I've been looking for this for a while and can't seem to find an answer, although I think that it should be a pretty easy fix if you're more experienced with Rails than I am. I am trying to add multiple default_scope conditions to my Product model. My product model file is as follows:
class Product < ApplicationRecord
has_many :order_items
default_scope { where(active: true) }
validates :name, presence: true, length: { maximum: 300 }
PRICE_REGEXP = /\A\d{1,4}(\.\d{0,2})?\z/
validates :price, presence: true,
numericality: true,
format: { with: PRICE_REGEXP }
validates :description, presence: true, length: { maximum: 1000 },
allow_nil: true
end
I would like to also add
default_scope -> { order(created_at: desc) }
so that new products on the product index page are in the format of newest first. I get an syntax error message anytime I do something like:
default_scope -> { order(created_at: desc) }, { where(active: true) }
or
default_scope -> { order(created_at: desc), where(active: true) }
or
default_scope -> { order(created_at: desc) where(active: true) }
I know that this is probably just a syntax thing that I'm not understanding. If anyone could give me advice on how to fix this it would be greatly appreciated! Thanks!

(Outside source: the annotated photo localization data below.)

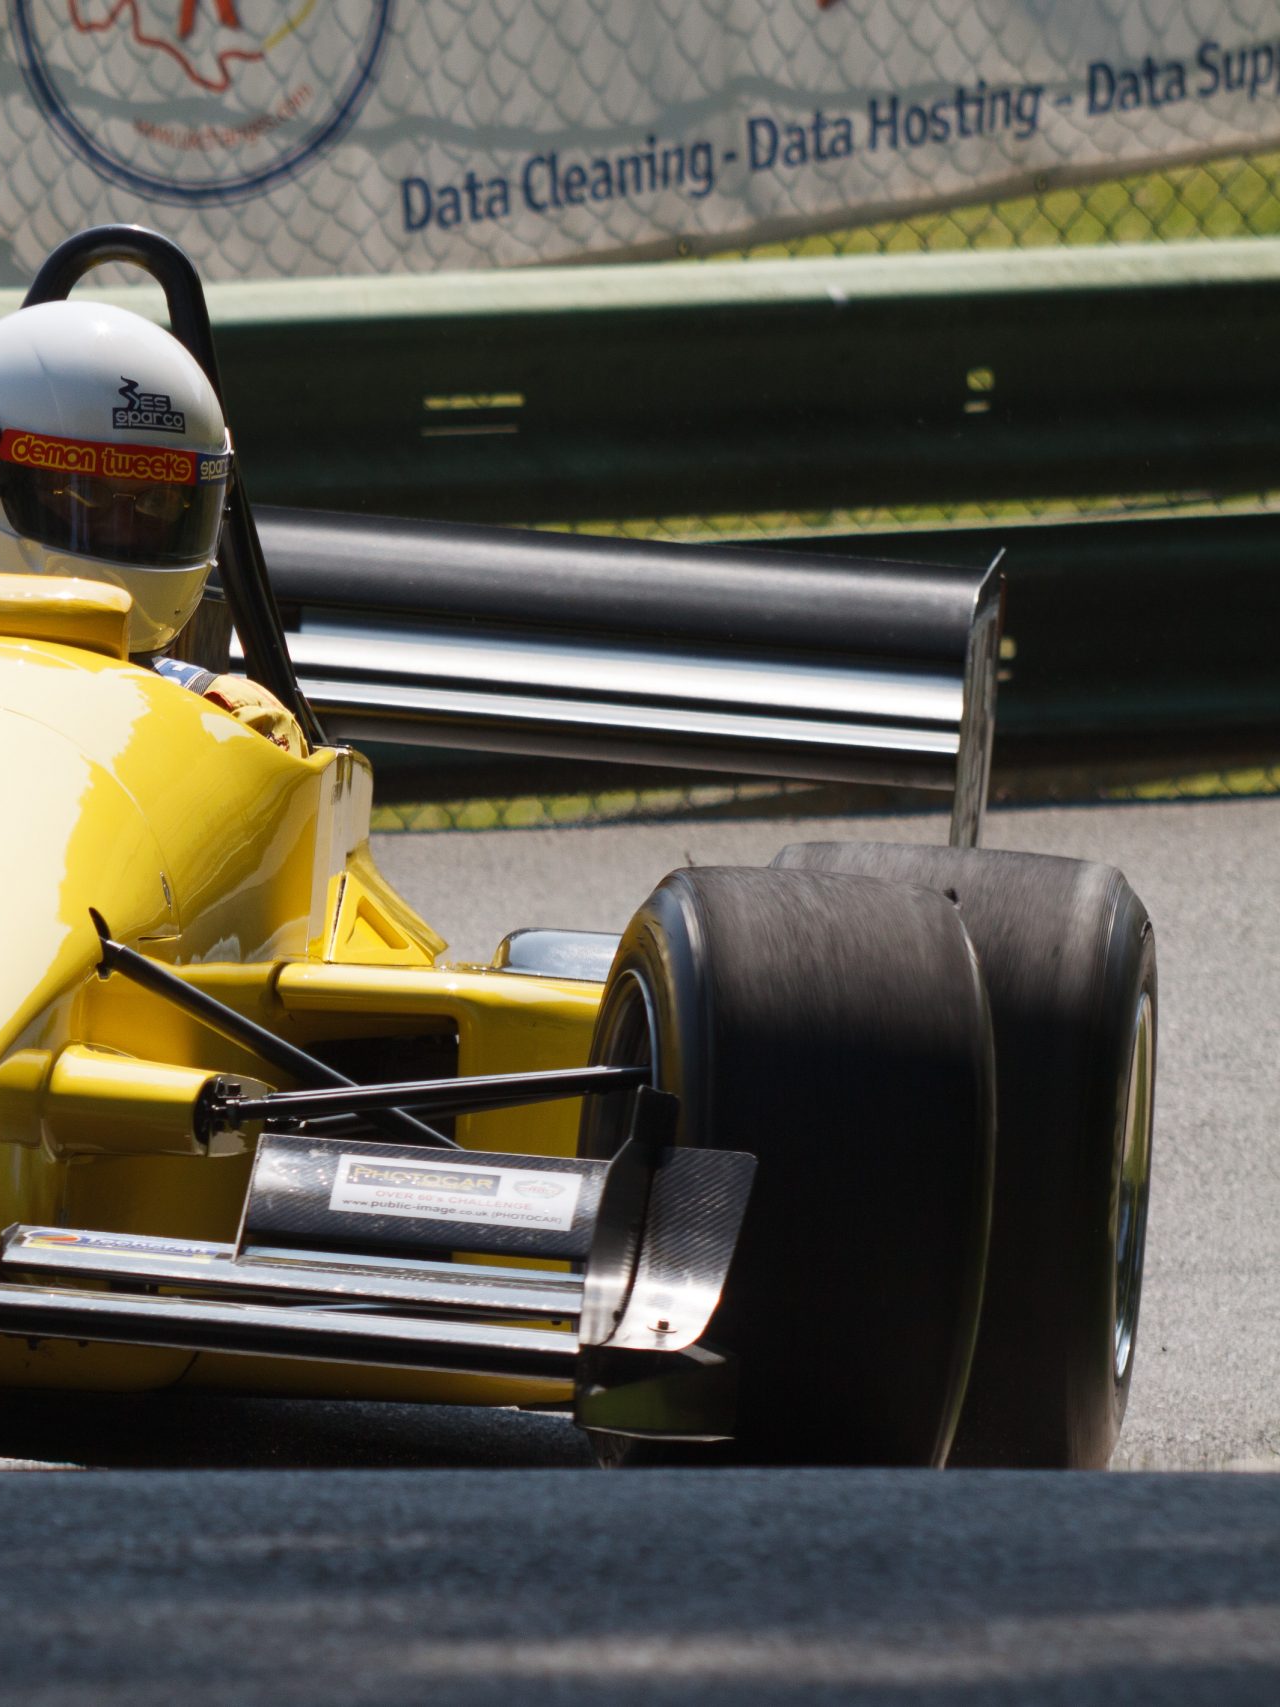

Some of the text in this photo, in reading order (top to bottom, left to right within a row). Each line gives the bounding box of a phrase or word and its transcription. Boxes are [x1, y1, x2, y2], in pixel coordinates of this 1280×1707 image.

[401, 171, 510, 234] Data
[523, 135, 714, 213] Cleaning
[747, 110, 852, 172] Data
[869, 79, 1043, 150] Hosting
[1088, 55, 1186, 115] Data
[1197, 40, 1280, 102] Sup
[115, 410, 184, 430] sparco
[11, 435, 96, 473] demon
[101, 447, 192, 482] tweeks
[354, 1166, 493, 1190] PHOTOCAR
[375, 1190, 414, 1200] OVER
[447, 1196, 534, 1211] CHALLENGE
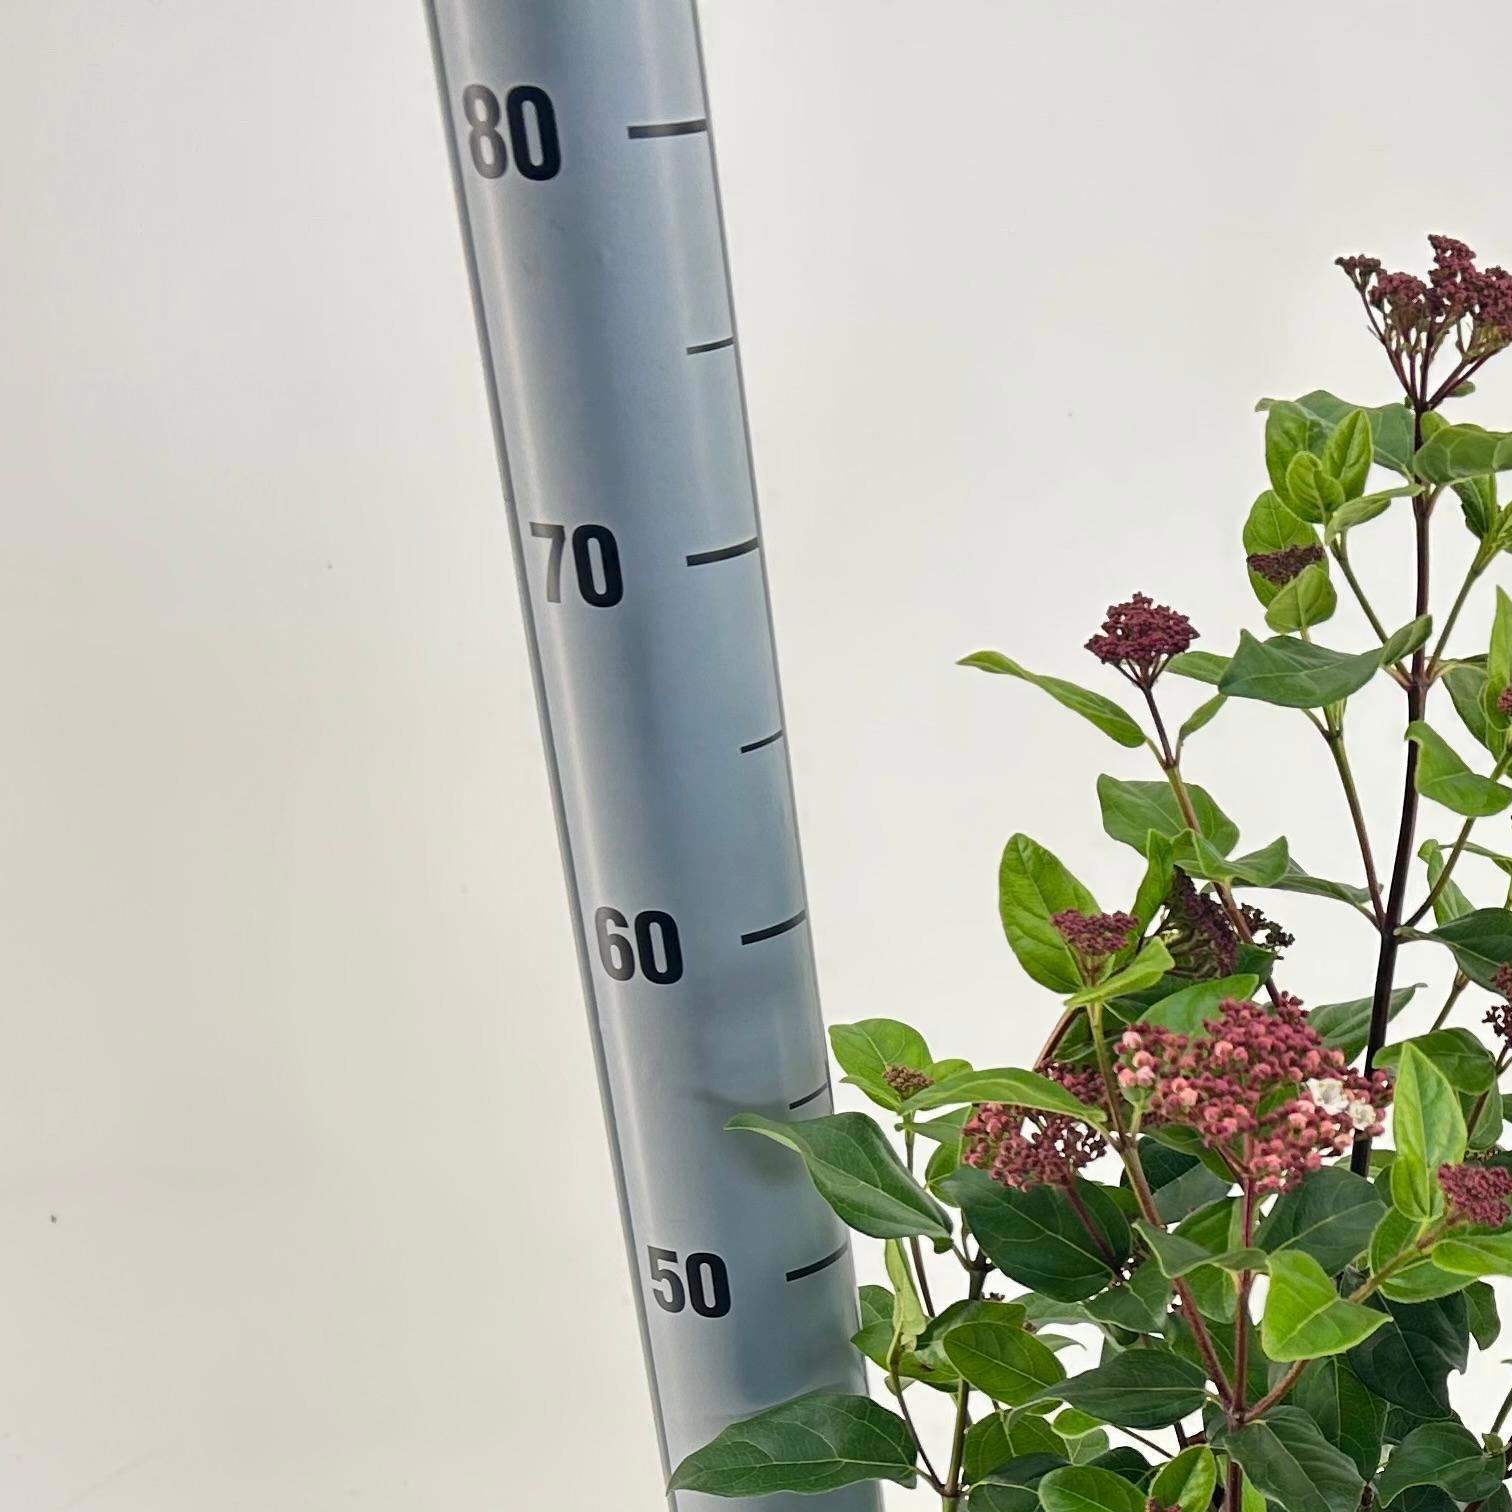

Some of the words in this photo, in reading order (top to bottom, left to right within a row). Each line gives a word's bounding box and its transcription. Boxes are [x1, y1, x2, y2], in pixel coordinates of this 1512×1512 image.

[461, 83, 561, 181] 80
[529, 521, 624, 608] 70
[594, 906, 685, 986] 60
[647, 1245, 731, 1319] 50

I think what you are trying to do is this
default_scope -> { where(active: true).order(created_at: :desc) }
So effectively you just had a syntax issue. When they added the new lambda scope syntax to rails it was a little unfamiliar to a lot of ruby developers due to its functional programming origins (given rails is object oriented language). Effectively the segment of code in {}
acts like a block and executes the code inside. The where
clause gets implicitly called on the model the scope is declared in. That where
clause returns a ActiveRecord
relation object (that is a collection of database records) which implements the order
method that will sort the records in the relation by the attribute that is passed (in this case created_at
) in descending (desc
) or ascending (asc
) order based on the parameter passed in.